Trace proximity events

Trace Proximity Events analyzes time-enabled points representing moving entities. The tool follows entities of interest in space (location) and time to see which other entities the entities of interest have interacted with. The trace will continue from entity to entity to a configurable maximum degrees of separation from the original entity of interest.

Trace Proximity Events workflow

Usage notes

TermDefinitionExample
EntityA moving object with position periodically recorded.An animal, person, or vehicle. An entity may be stationary or moving.
Entities of interestThe specific entities used to start a trace.A person infected with COVID-19.
Proximity eventWhen two entities are near each other within a period of time.Two people that come within 3 meters of each other and within a 1-minute window of each other.
DepthThe degree of separation between an entity of interest and an entity further down the trace (downstream).A proximity event between the entity of interest and someone else is depth 1.
Trace eventThe first contact for a specified entity downstream from the entities of interest.
  • The following are examples of use cases that can be performed with the Trace Proximity Events tool:

    • An organization monitors company-issued devices carried by workers. The company is interested in determining which employees were near an individual known to have coronavirus disease 2019 (COVID-19). Using a DataFrame representing device locations and time, they identify devices that have been within six meters and five minutes of the contagious person and other possibly contagious employees.

    • An NGO is monitoring salmon populations using GPS and is interested in tracking the spread of salmon lice between escaped farmed salmon and wild populations. Some GPS-tagged farmed salmon are tracked to see if they come in close proximity with tagged wild populations, and how those wild populations may further spread the disease. The measurements also include a depth field, which the NGO uses to only find fish at a similar depth.

  • When tracing proximity events, it is your responsibility to understand organizational, local, and national guidelines regarding data sensitivity and privacy.

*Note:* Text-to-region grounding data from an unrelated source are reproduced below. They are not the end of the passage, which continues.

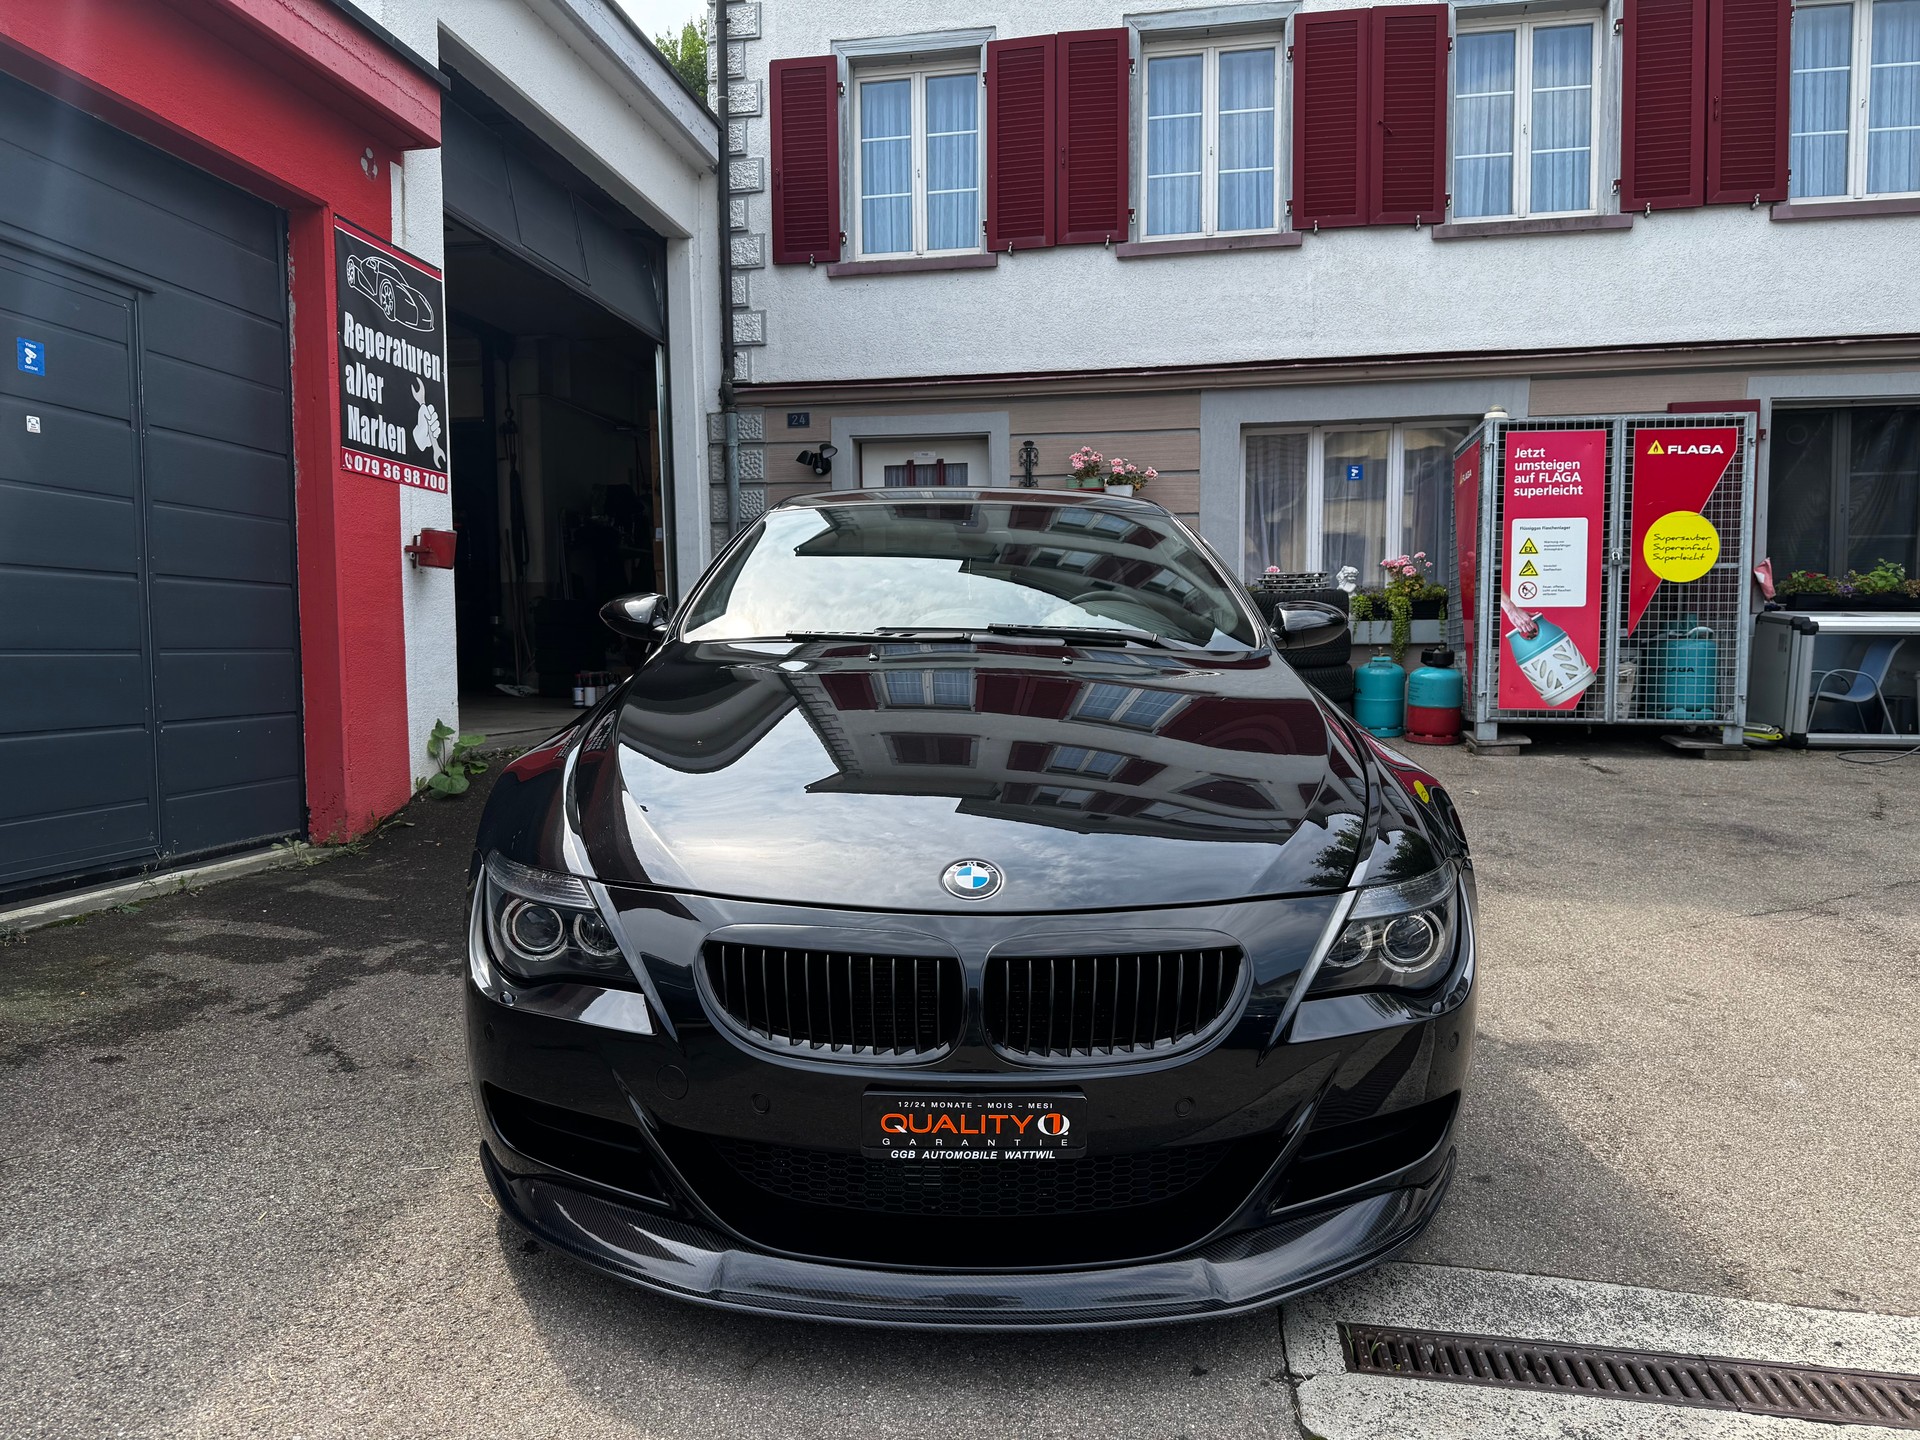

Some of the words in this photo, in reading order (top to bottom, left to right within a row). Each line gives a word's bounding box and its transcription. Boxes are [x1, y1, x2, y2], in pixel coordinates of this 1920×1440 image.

[344, 311, 441, 383] Reperaturen
[345, 361, 384, 405] aller
[791, 414, 806, 425] 24
[347, 404, 407, 455] Marken
[1514, 447, 1546, 459] Jetzt
[1667, 444, 1724, 455] FLAGA
[1514, 459, 1581, 473] umsteigen
[354, 455, 380, 476] 079
[383, 462, 401, 480] 36
[403, 468, 421, 485] 98
[423, 472, 446, 491] 700
[1514, 472, 1536, 484] auf
[1539, 471, 1582, 483] FLAGA
[1513, 484, 1584, 499] superleicht
[1653, 533, 1712, 544] Supersauber
[1653, 542, 1713, 554] Supereinfach
[1652, 552, 1706, 564] Superleicht
[931, 1101, 973, 1109] MONATE
[880, 1113, 1034, 1135] QUALITY
[882, 1138, 1069, 1147] GARANTIE
[890, 1150, 916, 1160] GGB
[921, 1150, 998, 1160] AUTOMOBILE
[1004, 1150, 1056, 1160] WATTWIL

  • When using proximity tracing to find the transmission (such as a disease), be aware of the following:

    • The presence of a trace event does not guarantee that it has been transmitted; it is only a potential encounter.
    • The absence of a trace event does not mean that something hasn’t been transmitted. In cases such as a disease, there may be transmission through other vectors.
    • When possible, use setAttributeMatchCriteria() to constrain proximity events when required. For example, use attributes to constrain the room, floor, or elevation.
  • Specifying a larger value for setSearchDuration() and setSearchDistance() results in more events and takes longer to process the results. Smaller distances results in fewer events and a shorter processing time.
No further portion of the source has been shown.